Collected data
+++

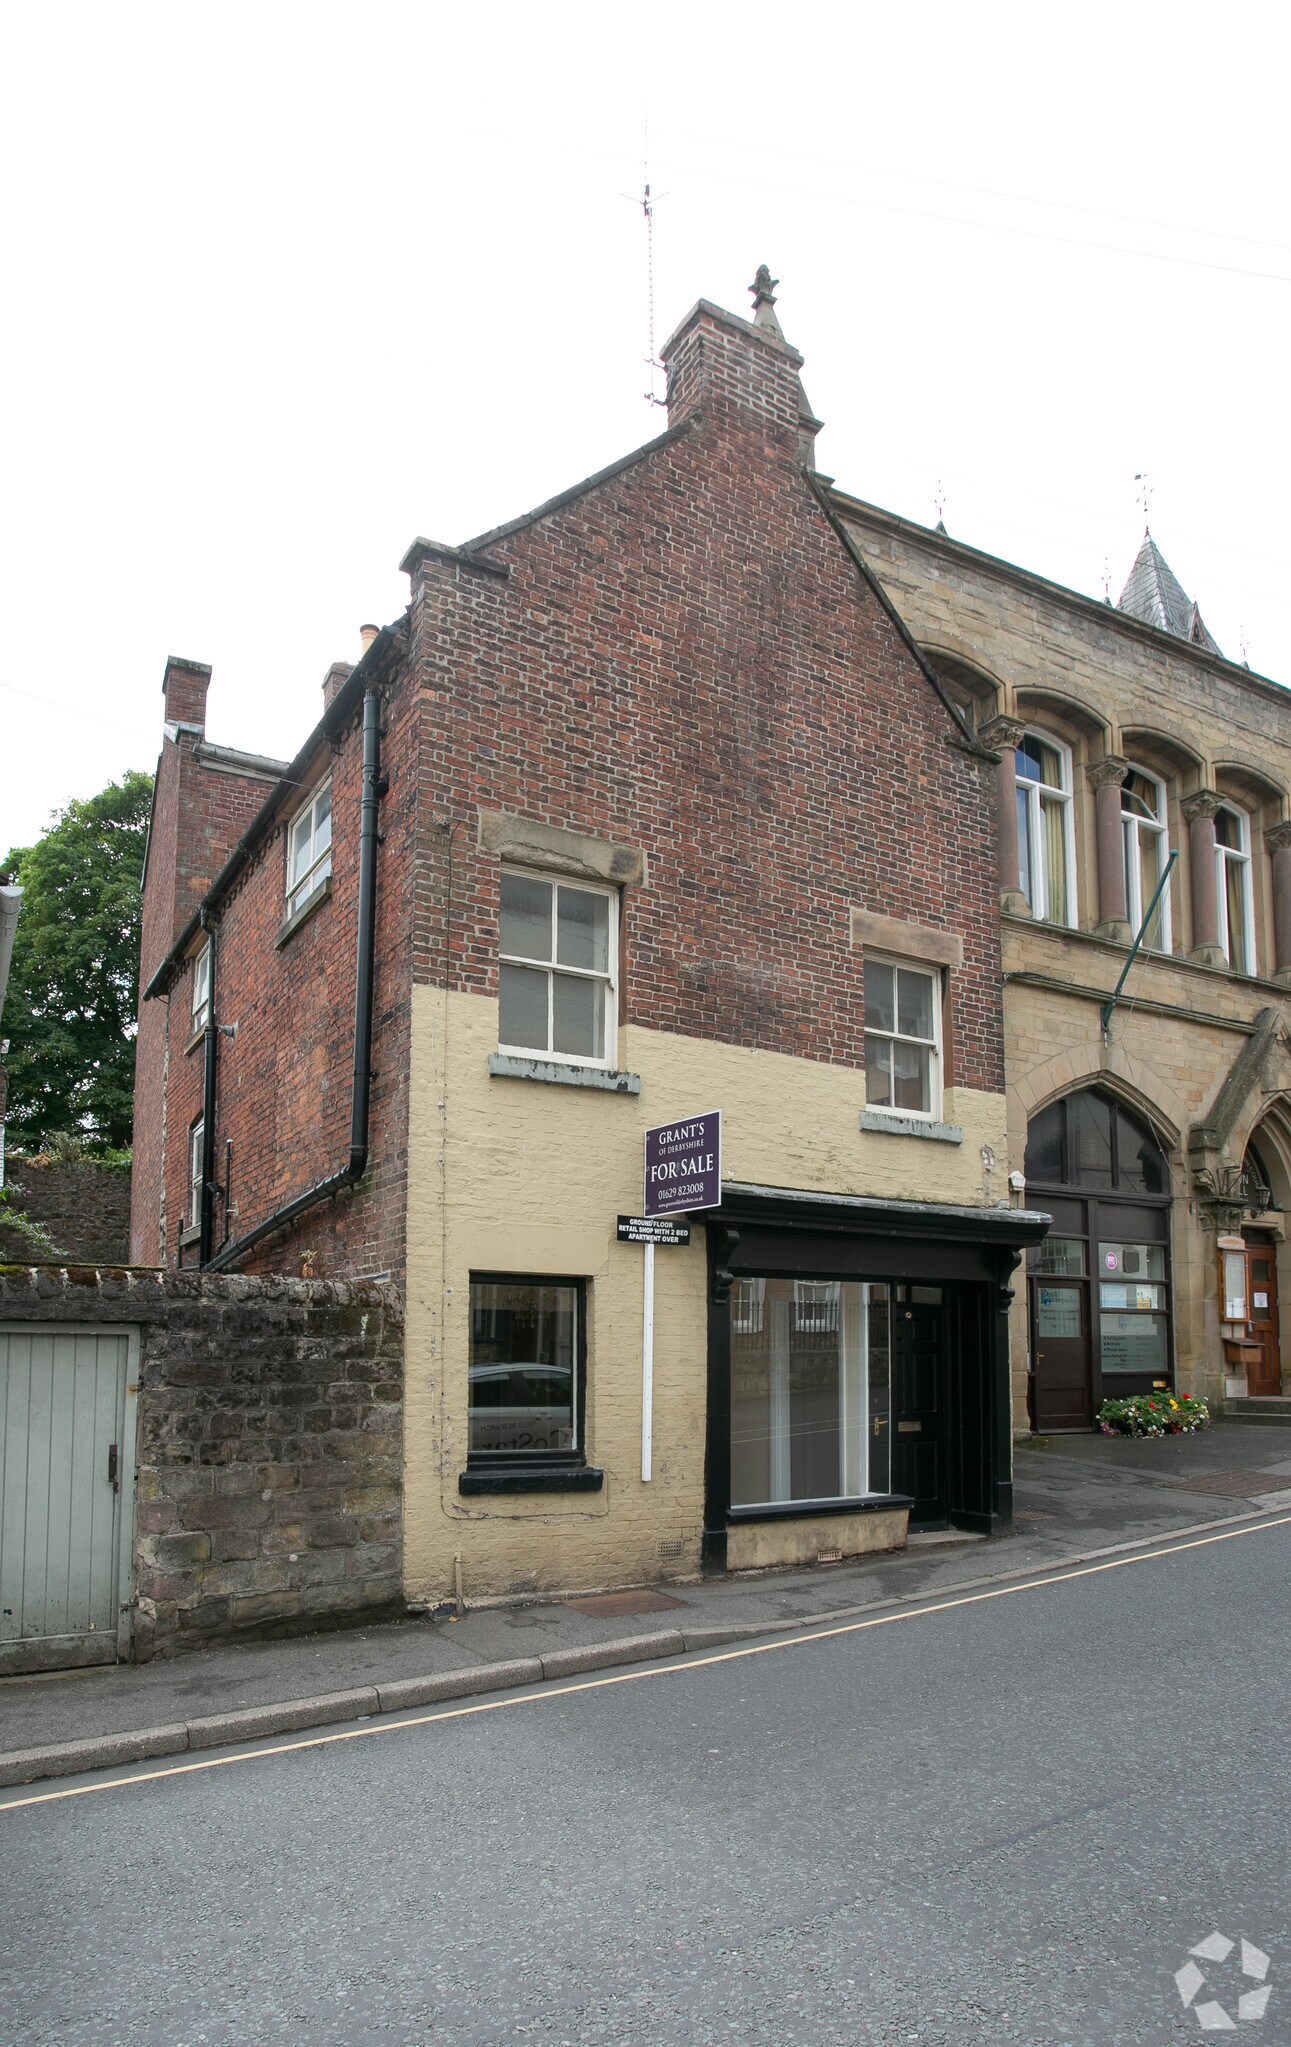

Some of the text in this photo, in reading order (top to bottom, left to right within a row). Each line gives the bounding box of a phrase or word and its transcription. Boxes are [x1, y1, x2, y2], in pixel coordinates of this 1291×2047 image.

[659, 1122, 705, 1145] GRANT'S
[658, 1138, 705, 1156] OF DERBYSHIRE
[650, 1153, 714, 1183] FOR SALE
[658, 1182, 704, 1200] 01629 823008
[618, 1224, 638, 1233] RETAIL
[638, 1226, 654, 1234] SHOP
[629, 1218, 653, 1227] GROUND
[628, 1232, 662, 1242] APARTMENT

+++

• [What is needed]
Line by line, print the records exactly, leaving the pictures behind.

• [Task result]
Some of the text in this photo, in reading order (top to bottom, left to right within a row). Each line gives the bounding box of a phrase or word and its transcription. Boxes are [x1, y1, x2, y2], in pixel coordinates of this 1291×2047 image.

[659, 1122, 705, 1145] GRANT'S
[658, 1138, 705, 1156] OF DERBYSHIRE
[650, 1153, 714, 1183] FOR SALE
[658, 1182, 704, 1200] 01629 823008
[618, 1224, 638, 1233] RETAIL
[638, 1226, 654, 1234] SHOP
[629, 1218, 653, 1227] GROUND
[628, 1232, 662, 1242] APARTMENT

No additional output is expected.